ある日エルゼはとなり村に住む、タロウという少年の噂を耳にしました。
なんでもタロウは遠い遠いヤパンという国から、たった一人で歩いてやって来たとのことでした。
タロウはたいそう牝牛をかわいがり、その村の誰よりもたくさん牝牛の乳を搾ることができると評判でした。
賢いエルゼは、なんとしてもこのタロウを見てみたくて、お母さんに頼みました。
「お母さん、私はとなり村に住むタロウという子をどうしても見てみたいの。明日の朝早く出かけて、となり村に行ってくるので、お母さんは、私より早く起きて、お弁当をつくってちょうだい」
お母さんは、「ああ、いいよ」と返事をしたものの、心の中では、「困ったものだ、となり村に行くには深い深い森を通らなければならない。森には怖い人食い魔女が住んでいるし、さて、どうしたものだろう」
エルゼはお母さんのそんな心配をよそに、もう寝床に入って、ぐうぐういびきをかいて寝てしまいました。
翌朝、エルゼが目をさますと、まくらもとにお弁当がありました。
お母さんが早起きをして、エルゼのために作ってくれたのでした。
エルゼはお礼を言おうとして、お母さんを探しましたが、お母さんはどこにもいませんでした。
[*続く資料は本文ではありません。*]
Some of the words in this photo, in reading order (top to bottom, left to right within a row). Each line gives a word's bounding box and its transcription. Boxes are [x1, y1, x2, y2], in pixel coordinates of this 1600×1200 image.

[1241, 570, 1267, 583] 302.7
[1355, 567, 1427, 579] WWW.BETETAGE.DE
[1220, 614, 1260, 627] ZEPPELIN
エルゼは「きっとお母さんもタロウが見たくなって、先に出かけたんだわ」と言うと、お母さんに追いつこうして、走って家を出ていきました。
その頃、お母さんはエルゼになりすまして、森の中を歩いていました。
やさしいお母さんはエルゼが魔女に食べられないように、自分がエルゼの身代わりになるつもりでいたのです。
「魔女さん、魔女さん、私は村で一番賢い娘、エルゼよ。魔女さんがほんの少しでも勇気というものを持っているのなら、私と知恵比べしたらいかが」お母さんは大きな声で叫びながらずんずん深い森の中に入っていきました。
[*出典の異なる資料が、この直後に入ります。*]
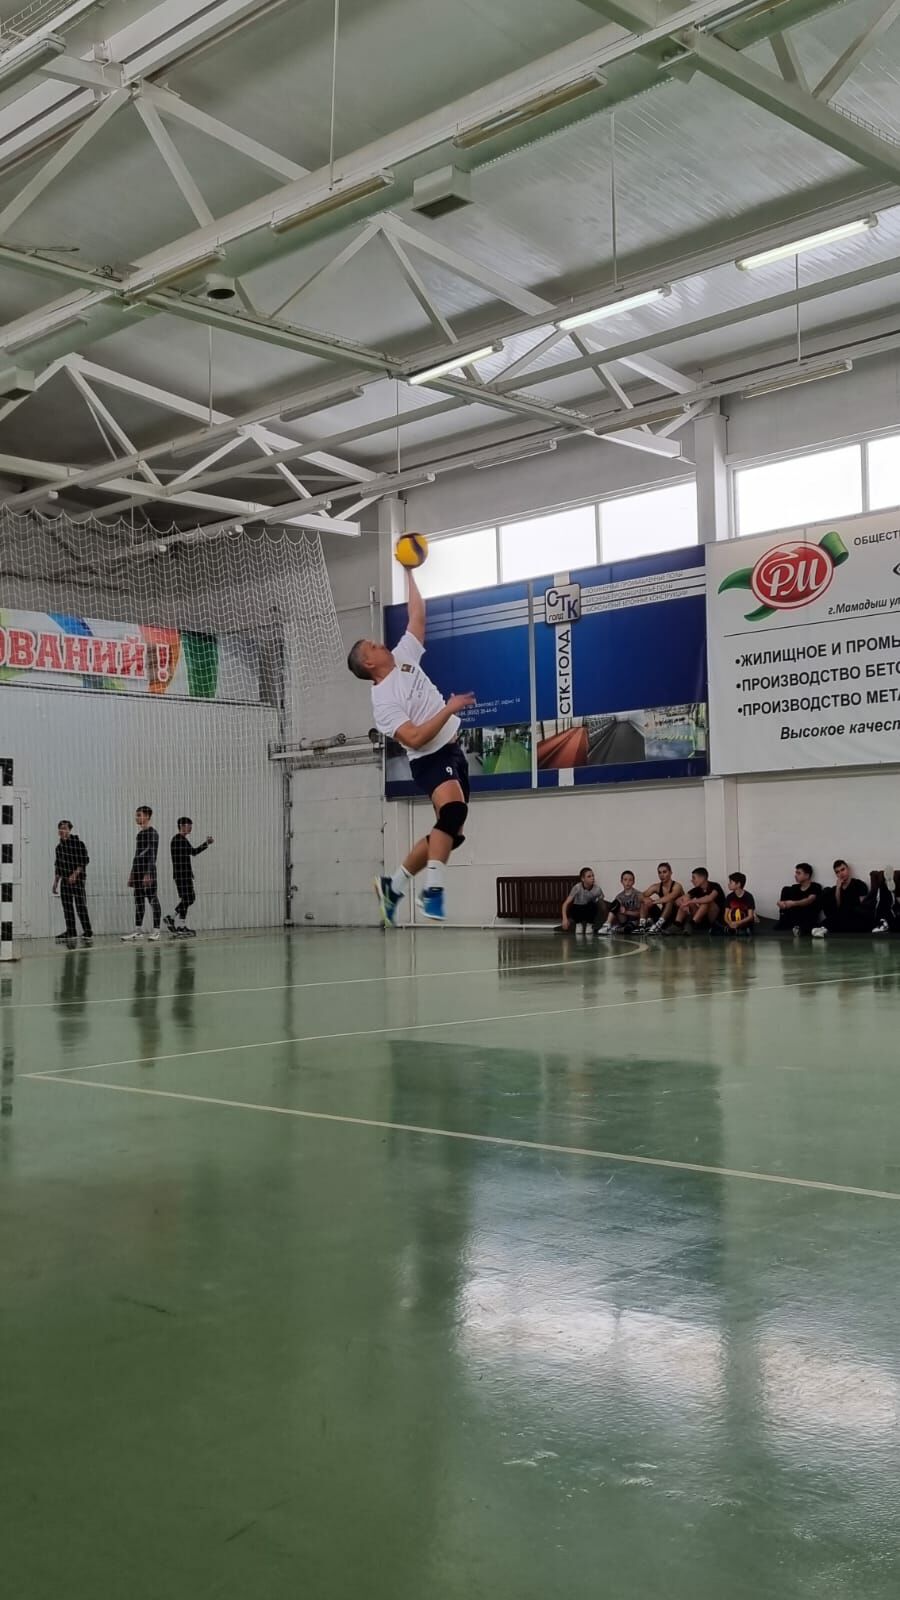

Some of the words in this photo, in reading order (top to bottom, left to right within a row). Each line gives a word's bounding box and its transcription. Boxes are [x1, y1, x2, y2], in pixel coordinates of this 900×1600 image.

[854, 530, 900, 546] ОБЩЕСТ
[547, 590, 578, 618] СТК
[828, 597, 887, 615] г.Мамадыш
[156, 643, 170, 682] !
[741, 644, 827, 667] ЖИЛИЩНОЕ
[831, 642, 841, 655] И
[558, 629, 571, 714] СТК-ГОЛД
[742, 666, 861, 691] ПРОИЗВОДСТВО
[743, 692, 862, 716] ПРОИЗВОДСТВО
[867, 688, 900, 704] МЕТ
[780, 724, 845, 740] Высокое
[445, 766, 453, 776] 9
しばらくすると森の中に小さくてかわいらしい小屋が見えてきました。
お母さんはきっと魔女が住んでいるにちがいないと思って、トントンとドアをノックしました。
ドアが開いて中から真っ赤な目をした魔女が顔を出してこう言いました「なんだね、こんな朝早く、何かようかい」
お母さんは、やっとお目当ての魔女に会えたので、嬉しくなりましたが、深呼吸をして落ち着いてから言いました「私は村で一番賢い娘、エルゼよ。魔女さん、あなたにほんのすこしでも勇気があるのなら、私と知恵比べしたらいかが」
魔女は、何のことかさっぱりわからなかったが、ほんのすこしでも勇気があるのなら、というところが妙に気になって「ああ、いいよ、なんなりと」とこたえました。
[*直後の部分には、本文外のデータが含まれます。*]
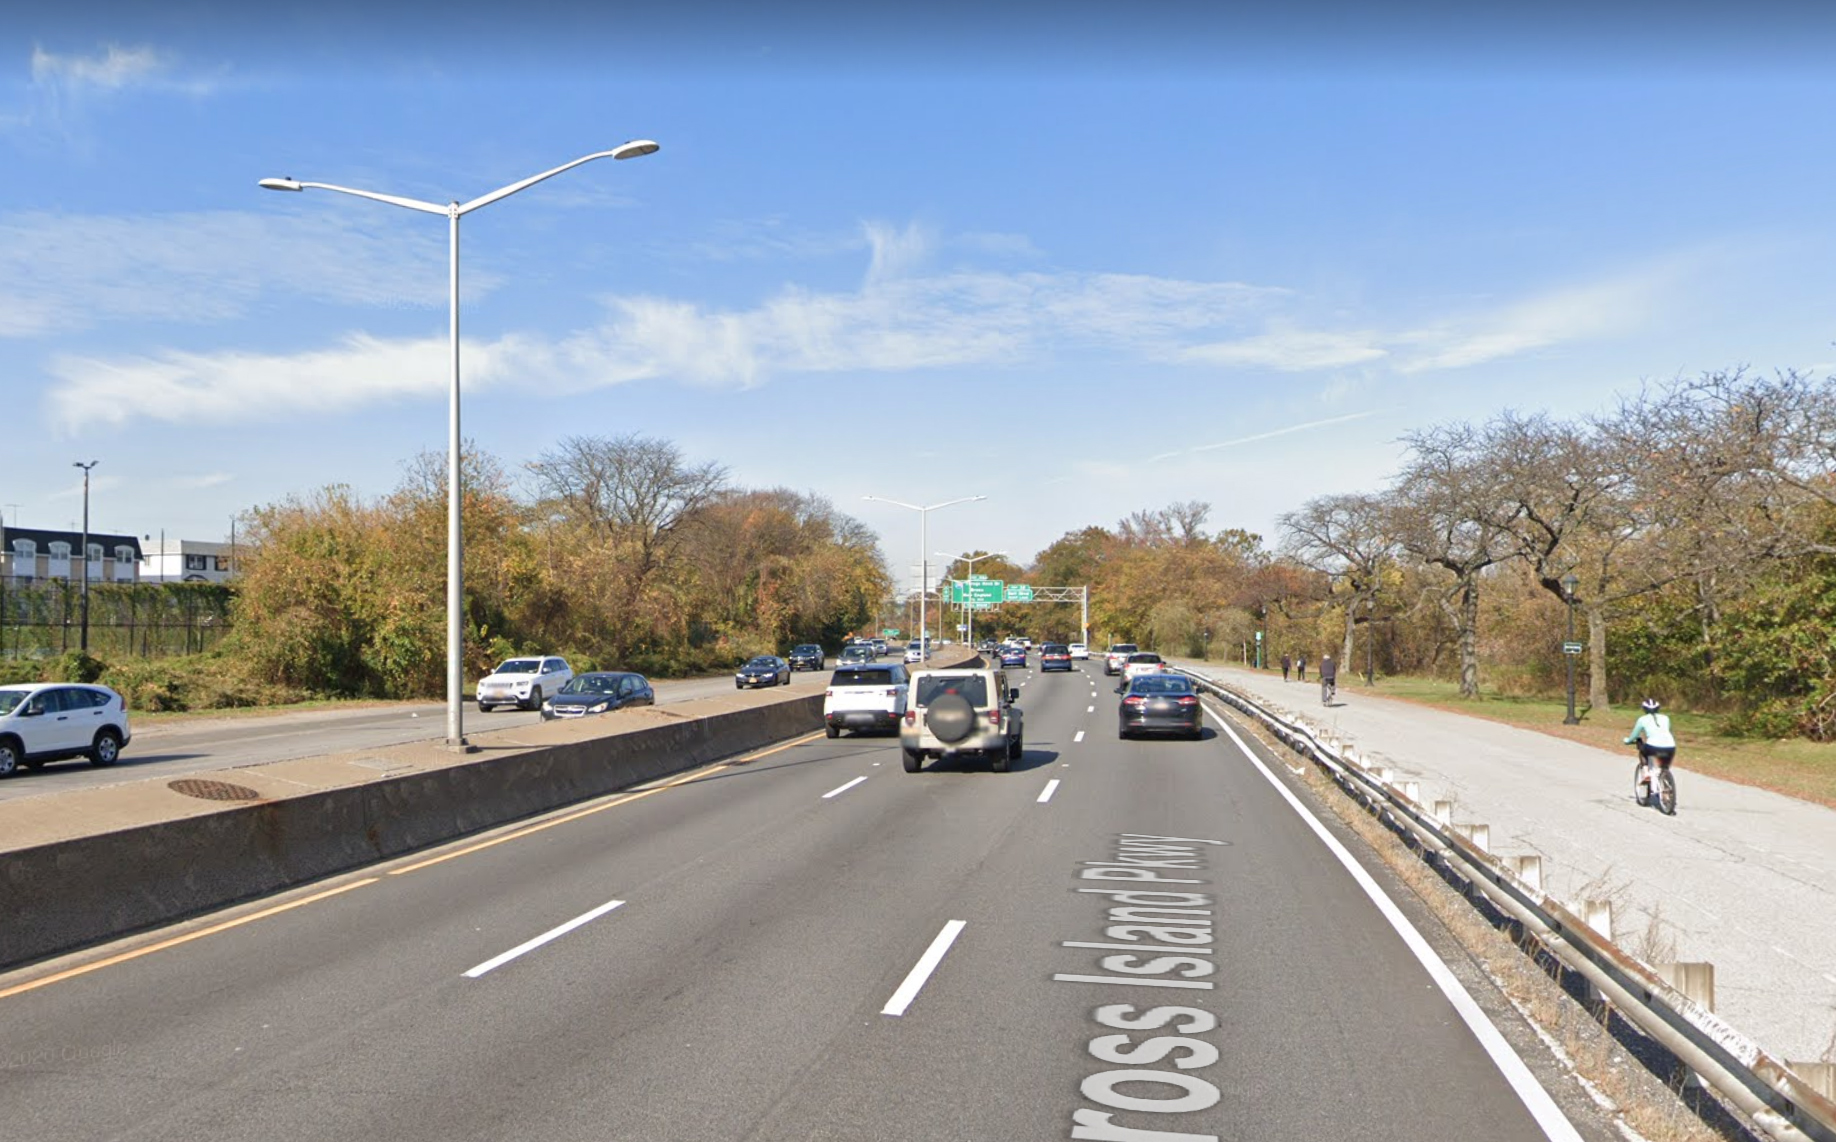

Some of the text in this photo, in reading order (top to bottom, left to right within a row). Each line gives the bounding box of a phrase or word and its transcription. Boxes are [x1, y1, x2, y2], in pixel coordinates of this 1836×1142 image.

[1053, 833, 1232, 1142] ross Island Pkwy
お母さんは「おーいと叫ぶと、おーいと答えるものは、なあに」と質問しました。
魔女は笑って「あはは、そんなのは簡単さ、やまびこだよ」と言うと、あっという間にお母さんをその大きな口で飲み込んでしまいました。
しばらくするとエルゼが魔女の住んでいる小屋をみつけました。
エルゼはずっと走ってきたので、ほんのすこし喉が渇いていたので、水をもらおうと思い、ドアをノックしました。
しばらくすると魔女がドアを少し開けてそのすきまから顔を出して言いました「まったく、なんて日だよ、またお客さんかい、今度は何のようだい」
エルゼは真っ赤な目をした魔女を見て、ほんのすこし怖くなりましたが、勇気を出して言いました、「私は村で一番賢い娘、エルゼよ。やさしいお母さんの作ってくれたお弁当をもって、となり村にタロウを見にいくところ。だけど、お母さんが先にタロウを見に行ったものだから、追いつこうとして、ずっと走ってきたの。ほんのすこしだけ喉が渇いてしまったので、お水をいただけませんか」
魔女はエルゼの話を聞き終わると、顔を目と同じくらい真っ赤にして、怒って言いました「この娘はなんて嘘つきなんだい。エルゼならさっき食べたばかりだよ」
そう言うとあっという間にその大きな口でエルゼを飲み込んでしまいました。